Megan looked at Blair, looked at Jim, who seemed focused on his hand, looked back at Blair.

"You really think he can hear you," she said softly. "Amazons, huh?" she mused, turning back to stare at Ellison.

"Megan," pleaded Blair.

"And so what part of your work do you enjoy, really?" asked Megan quietly.

"Big buff cops," lied Blair, meeting her eyes daringly.

"That's not you," said Megan firmly. "You run deep, Sandy, don't you?" She sighed. "How many secrets do you have, anyway?"

"The hardest part is keeping my stories straight," admitted Blair. "I am so deep in so many closets, I'm like in Narnia — God, why do I drink tequila?" he asked, raising his hands to his head.

"Ten to one, they won't offer to help clean up," said Megan.

"Oh they will. Jim will," said Blair assuredly.

"You should go to sleep," said Megan. "You look tired."

"Oh yeah, right," said Blair, rolling his eyes and nodding upward at the loft.

"You said he wouldn't mind," objected Megan.

"He wouldn't. I would," said Blair.

"I still can't believe that," said Megan.

"Believe it," said Blair. "I don't know, maybe if I had those extra five inches and ten years on the force, I wouldn't mind either."

"They do like you," argued Megan. "They respect your work in the department."

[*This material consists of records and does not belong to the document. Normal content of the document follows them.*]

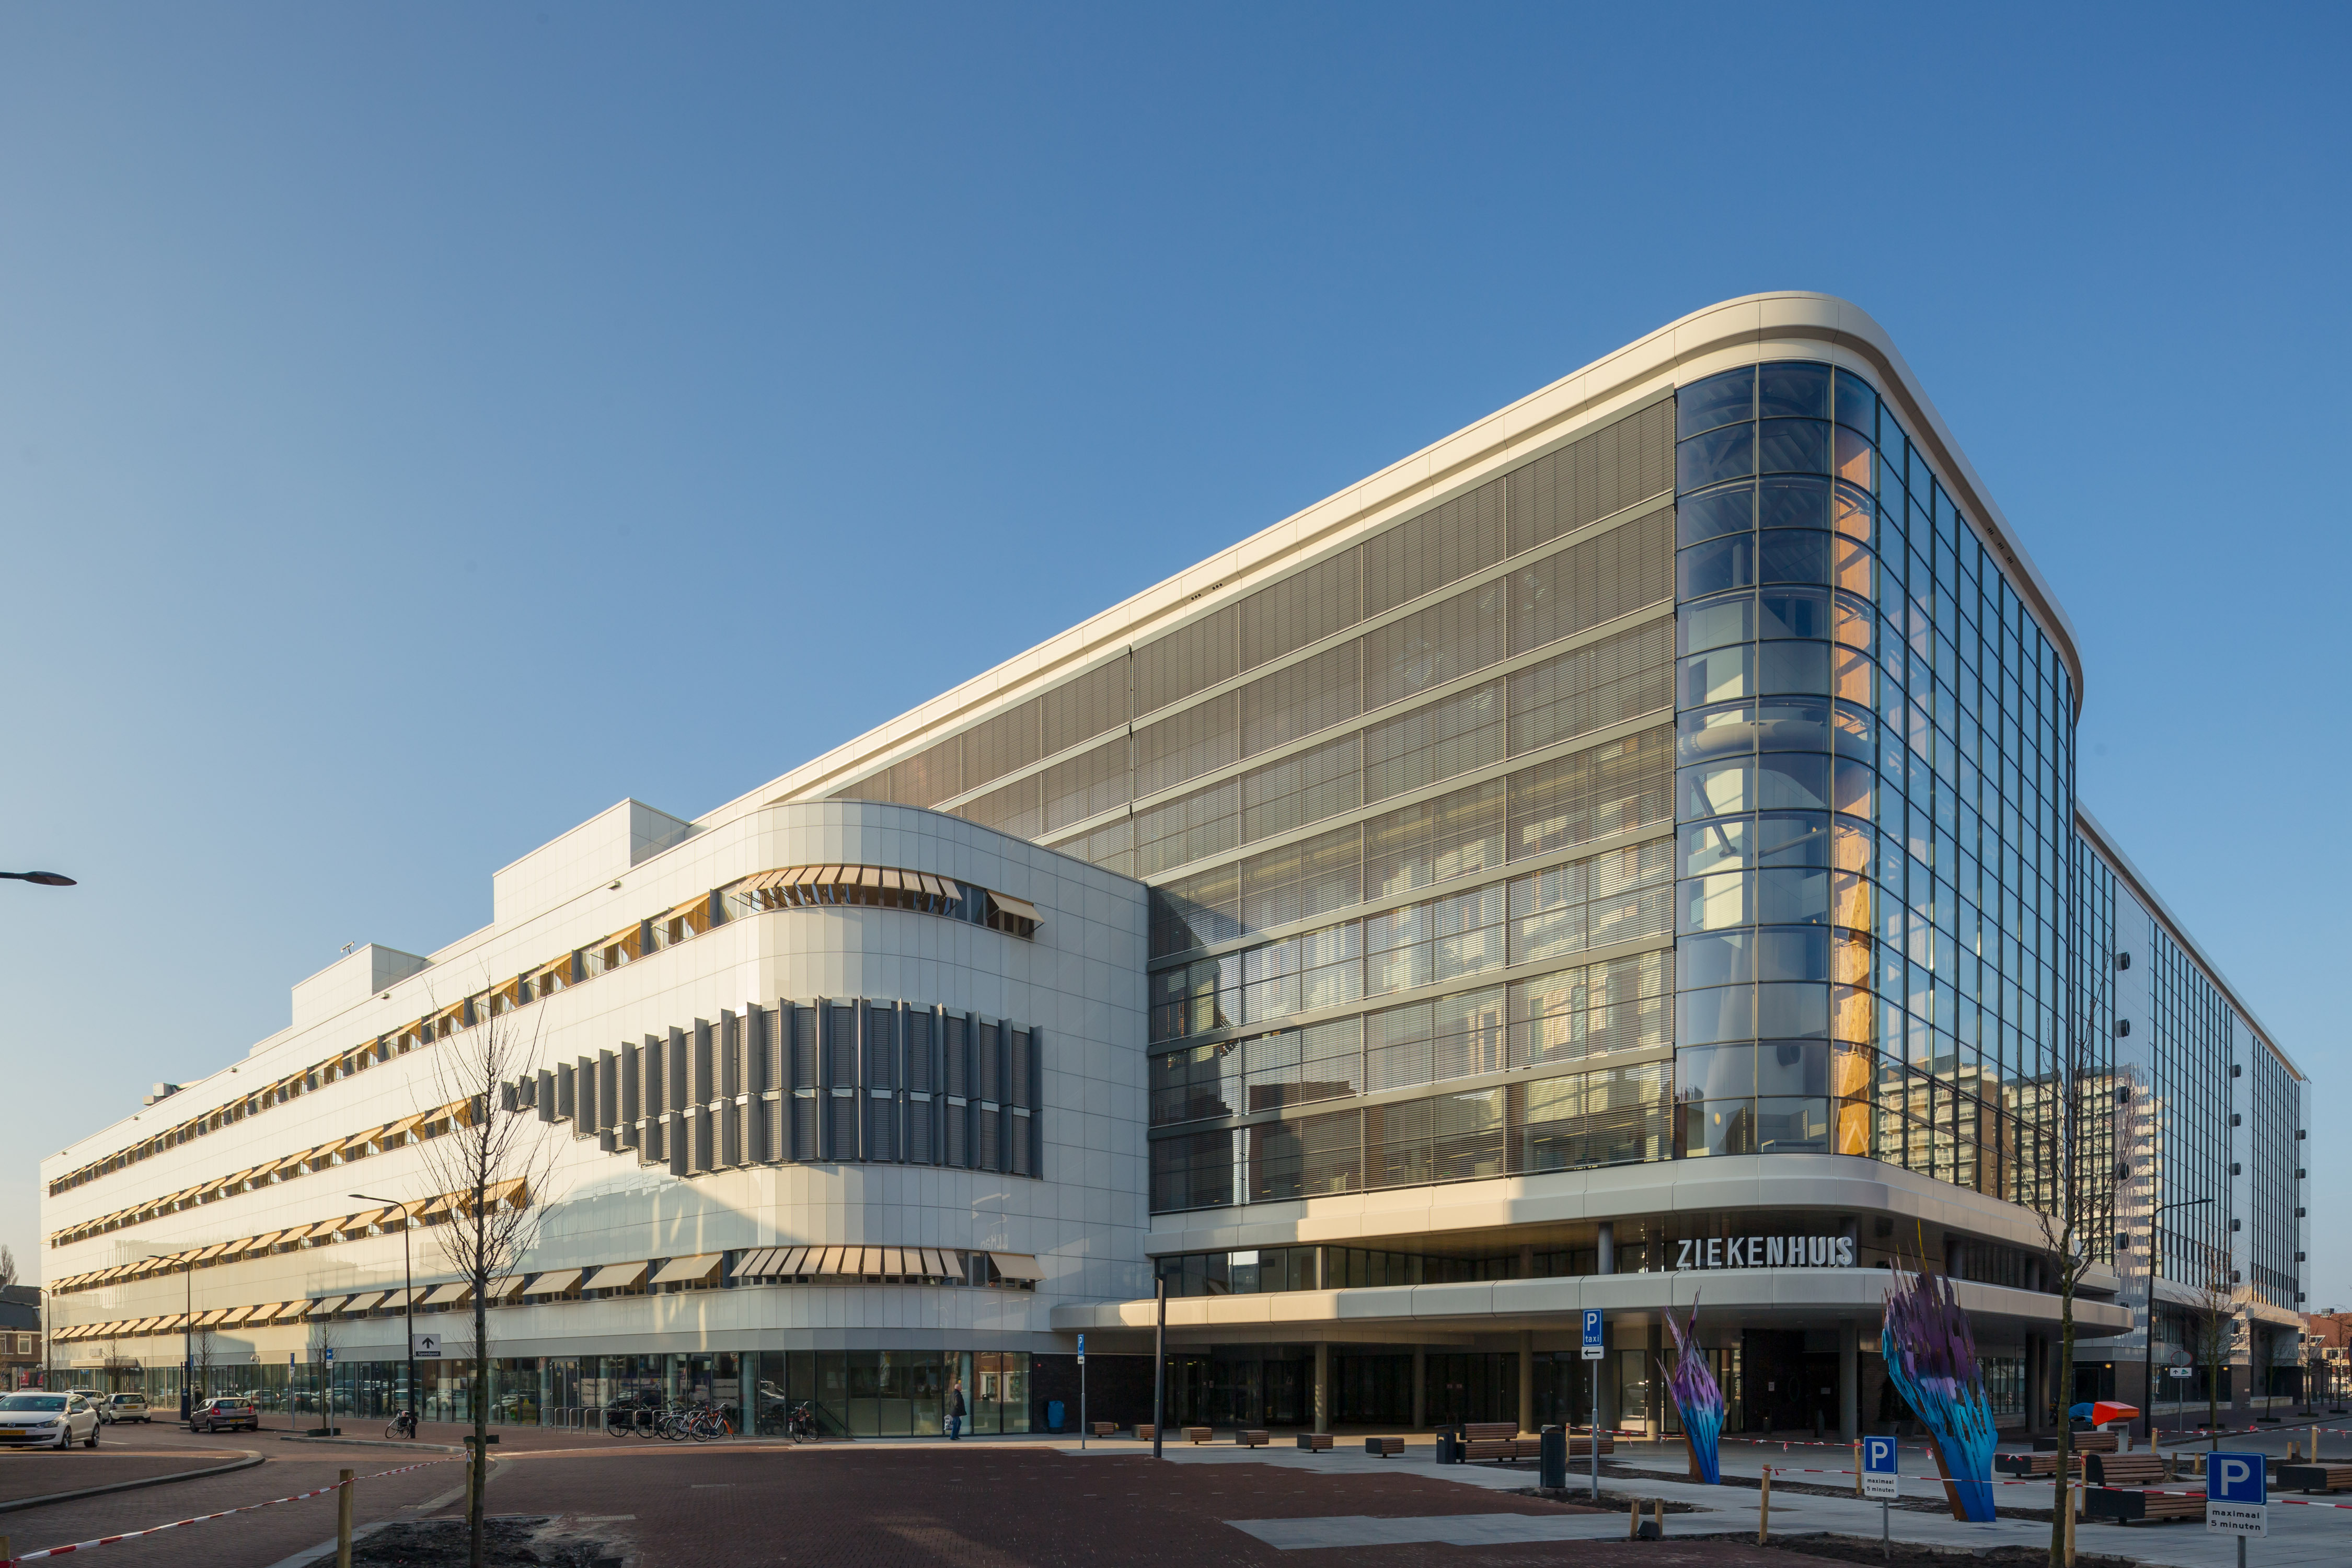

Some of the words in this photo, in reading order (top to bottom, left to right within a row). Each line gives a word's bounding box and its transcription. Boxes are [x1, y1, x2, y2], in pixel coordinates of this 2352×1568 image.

[1676, 1236, 1853, 1267] ZIEKENHUIS
[1587, 1312, 1597, 1331] P
[1079, 1336, 1082, 1347] P
[1585, 1334, 1599, 1343] taxi
[1871, 1442, 1888, 1469] P
[2221, 1459, 2250, 1496] P
[2212, 1510, 2260, 1519] maximaal
[2220, 1521, 2261, 1530] minuten
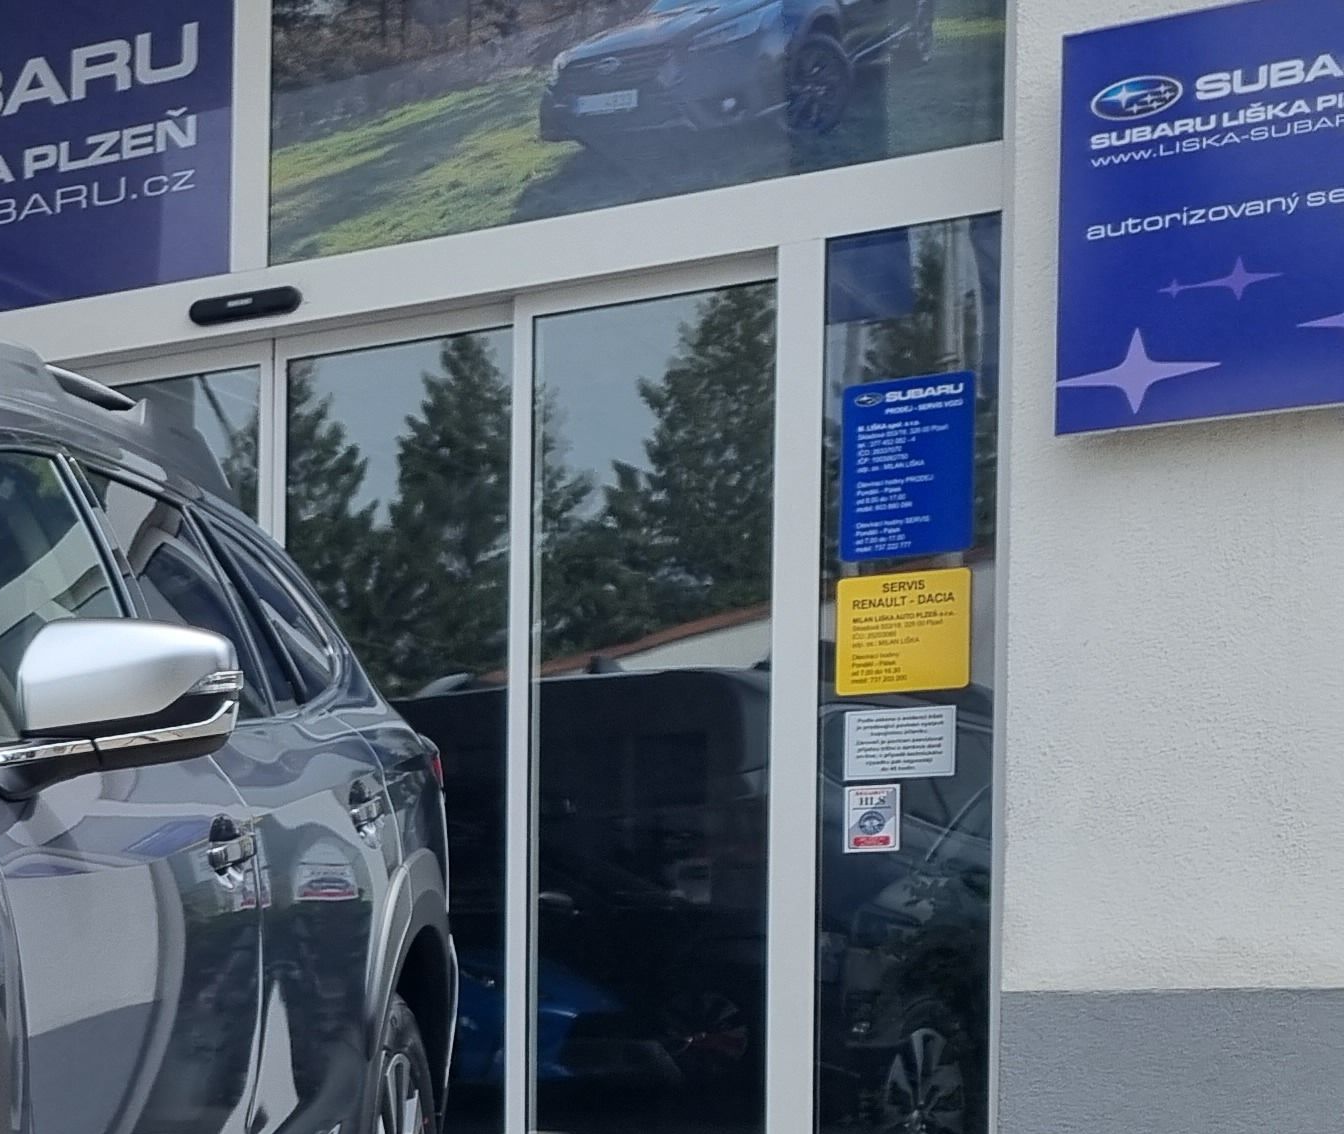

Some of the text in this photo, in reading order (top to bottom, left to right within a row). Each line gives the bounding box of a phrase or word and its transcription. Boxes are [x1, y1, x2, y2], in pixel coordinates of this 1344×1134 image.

[1090, 114, 1216, 150] SUBARU
[1222, 102, 1312, 128] LIŠKA
[23, 107, 198, 180] PLZEŇ
[1086, 192, 1299, 240] autorizovaný
[885, 382, 964, 403] SUBARU
[852, 596, 907, 610] RENAULT
[918, 592, 955, 604] DACIA
[882, 579, 926, 593] SERVIS
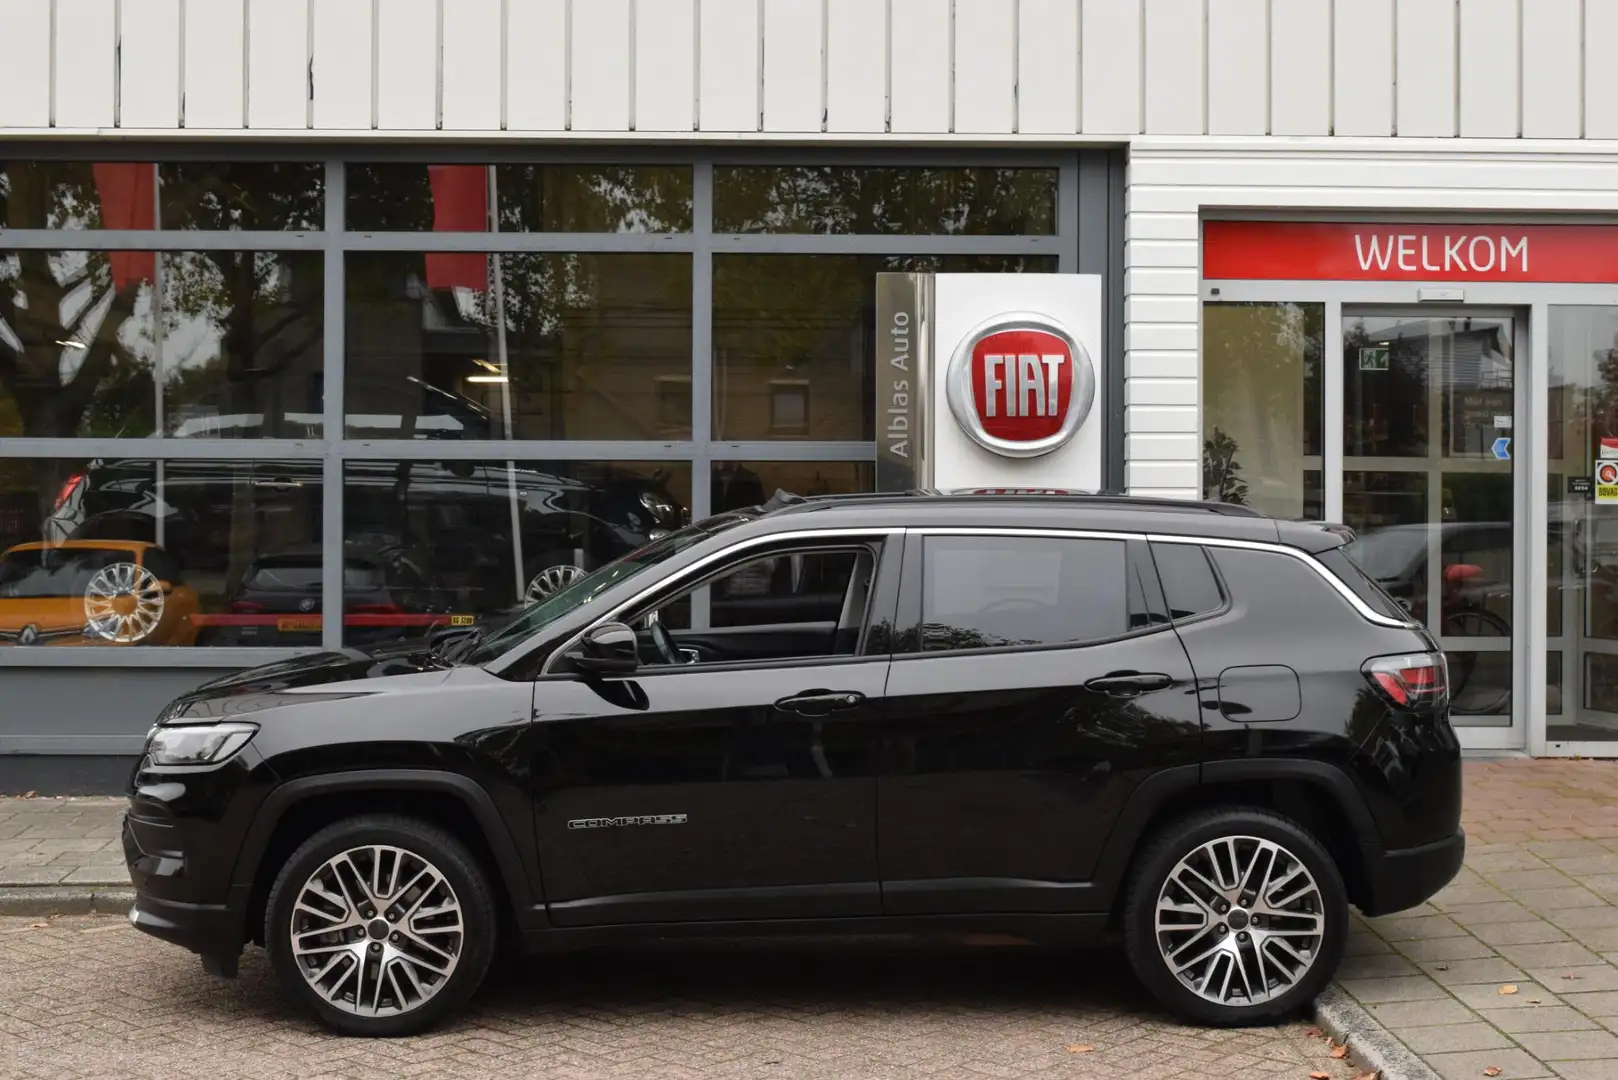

"Well they'd better," said Blair, leaning toward Megan. "I've got something up my sleeve," he whispered, waving his arms around like a magician.

"Something else?" teased Megan. "What?"

"You'll have to wait like everyone else," said Blair, leaning back and closing his eyes. "I'm not sure yet if I can pull this particular rabbit out of this particular hat." He sat for a moment, resting, and then said: "Game's breaking up. Jim's tired."

At the end of the hand, Jim Ellison stood up and stretched. "All right, everybody out of my house. I'm tired, game over."

"Not fair," said Brown. "You've got all the money."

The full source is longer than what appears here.